Based on that title, if I didn’t know better, I’d think that this piece was about a relationship. And in a way, I am writing about a relationship – my relationship with myself, or My Self.
My daughter just turned four (delightful!); the last four years have been characterized by brain-melting change. Now, though, we have found a rhythm for our days … sort of … at least to the extent we can control our days.
Over the past four years, I’ve started and stopped my Weight Loss Journey, Round Two, many times – much as I’ve started and stopped this blog thingie many times. I’ve used every excuse I’ve helped other people overcome and even scripted a few new doozies. I have to be honest about the last four years and how I’ve managed, or haven’t managed, to get on with things.
The uncertainty and stress of my circumstances have made me feel like a bystander to my own life. Any ground I gained I promptly lost, and then lost some more for good measure. I’ve stood by, feeling foolishly helpless, as nearly every habit from “Old Me” has come home to roost. In many ways, it’s been comforting and easy to return to “Old Me,” because I know her better. I lived with her longer. Today, none of my clothes fit and I barely recognize myself – not in recent pictures, I recognize myself in those because they’re how I always remember myself looking and feeling. It’s the skinny “New Me” pictures from the recent-but-gone-past that I no longer recognize and of which I’m slightly ashamed because I don’t know who that ghost girl is and I suspect she was never really real in the first place.
Wow, I sound mad and despondent, eh? Here’s the thing: I’m not. I’m not depressed, and I don’t hate myself. That’s how I know I’m really ready to fix things and find the new, “New Me.”
I’ve written in other places that when I first got a grip on my lifestyle lo these several years ago, my motivation came from a hopeful and positive place. I wanted to lose a few pounds to audition to be the next Sportscenter anchor. I wasn’t mad, despondent, depressed, et cetera. I was excited. That mindset made all the difference and set me on the right path, in the right way.
As I look back on the last four years, even though I’m disappointed that I haven’t achieved my weight and lifestyle goals, I’m proud of many other accomplishments – our home, my child’s development and health and sense of humor, my work, my relationships with family and with old and new friends. Instead of beating myself up over what I didn’t do, I’m going to smile and be proud of what I did do – and build on that relieved feeling of success as I move ahead. Dwelling on my screw-ups sure isn’t going to motivate me. It hasn’t the past four years, it won’t start now.
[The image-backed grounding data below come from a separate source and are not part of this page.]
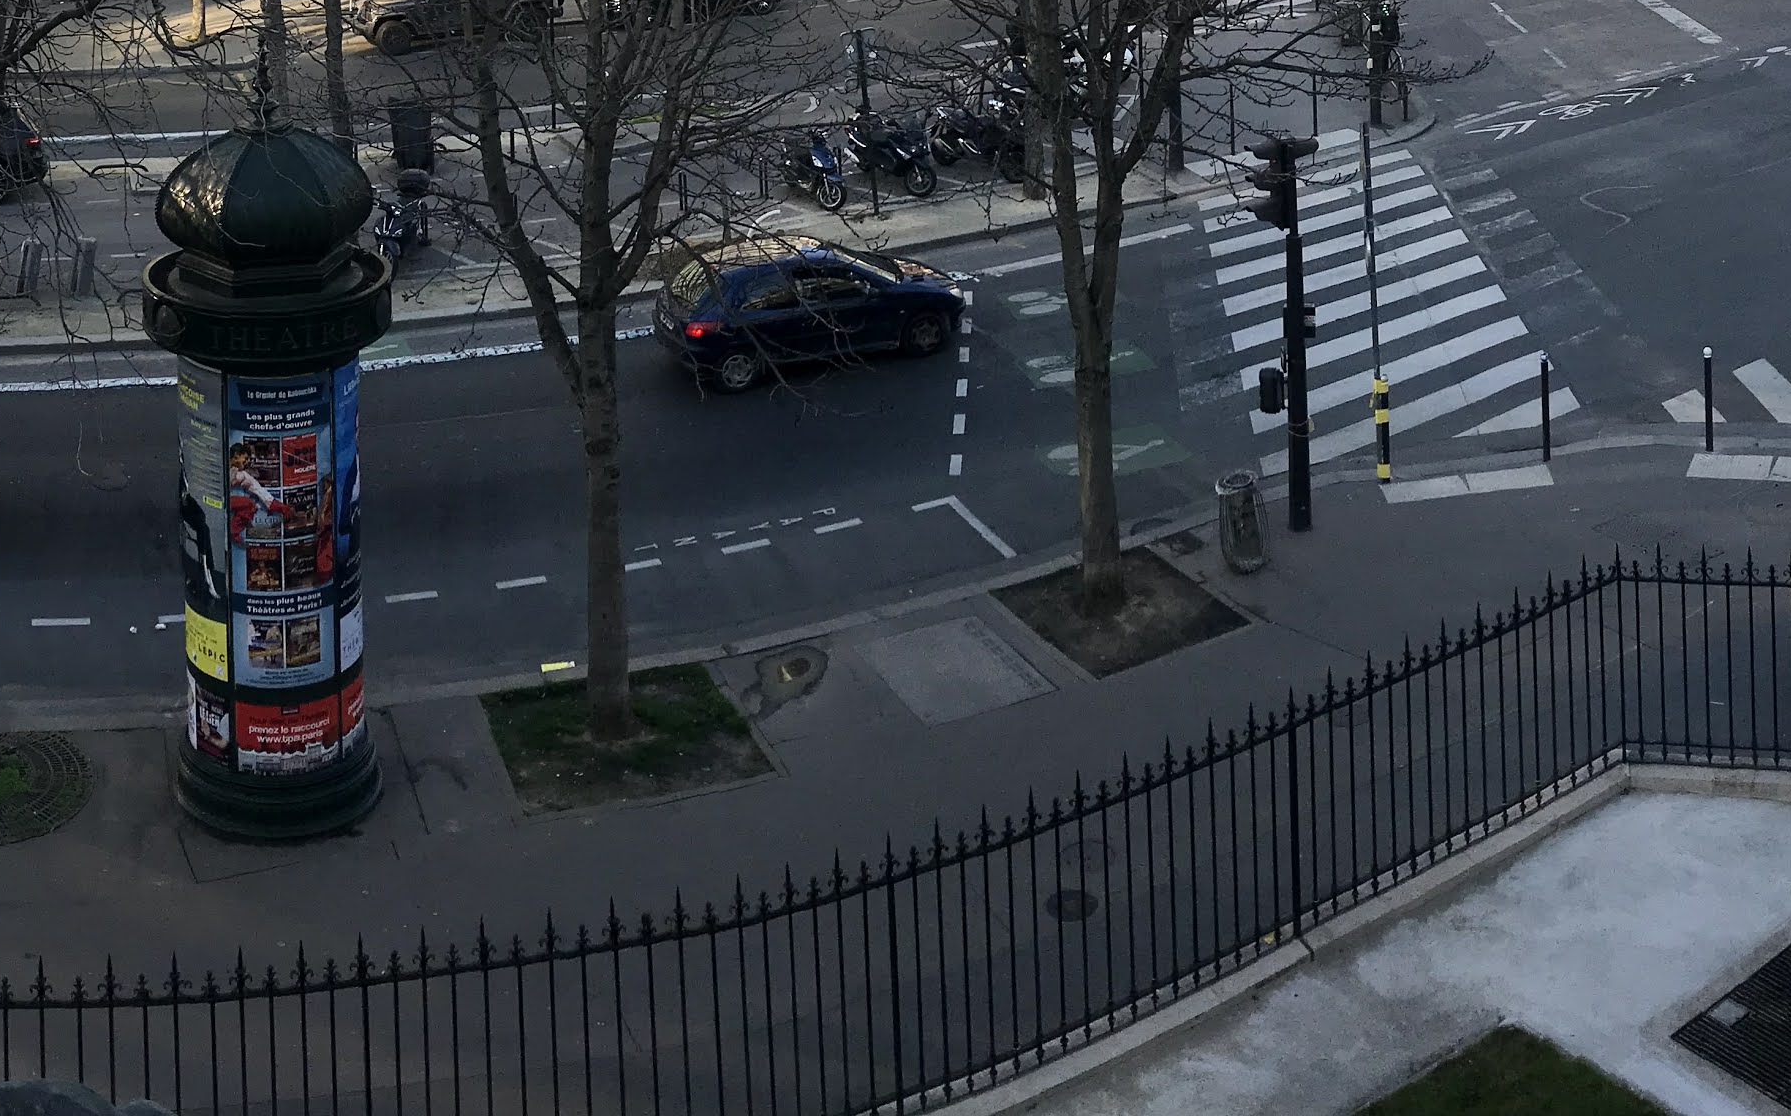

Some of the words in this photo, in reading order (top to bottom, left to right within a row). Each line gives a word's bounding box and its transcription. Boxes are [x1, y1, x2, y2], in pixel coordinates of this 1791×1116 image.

[246, 412, 262, 420] Les
[264, 413, 283, 422] plus
[286, 409, 315, 421] grands
[634, 507, 836, 551] PAYANT
[276, 597, 294, 606] plus
[297, 592, 322, 602] beaux
[297, 601, 318, 611] Paris
[248, 725, 279, 734] prenez
[280, 726, 289, 734] le
[290, 717, 330, 733] raccourci
Forgiveness is a significant element of lifestyle change and in life. Look at your past transgressions, name and acknowledge them, and move on, not repeating your mistakes. There’s plenty that I would change if I could – for instance, I’d have gotten exponentially less drunk at my high school reunion – but I can’t change anything. Wallow in regret, or learn from experience. Your choice. I’m 40 now, I’m grown, I choose to learn.
I have now confirmed what I had come to suspect: that my grip on “New Me” was rather tenuous. “Old Me” was in charge for 30 years, and she’s not going to evaporate overnight, or even over a few years. Plus, the new, “New Me” isn’t going to be the same “New Me” that I crowned in 2004. My job now is to get back on the horse and head for the horizon, today.
Today is square one, my friends. Let’s be patient and persistent.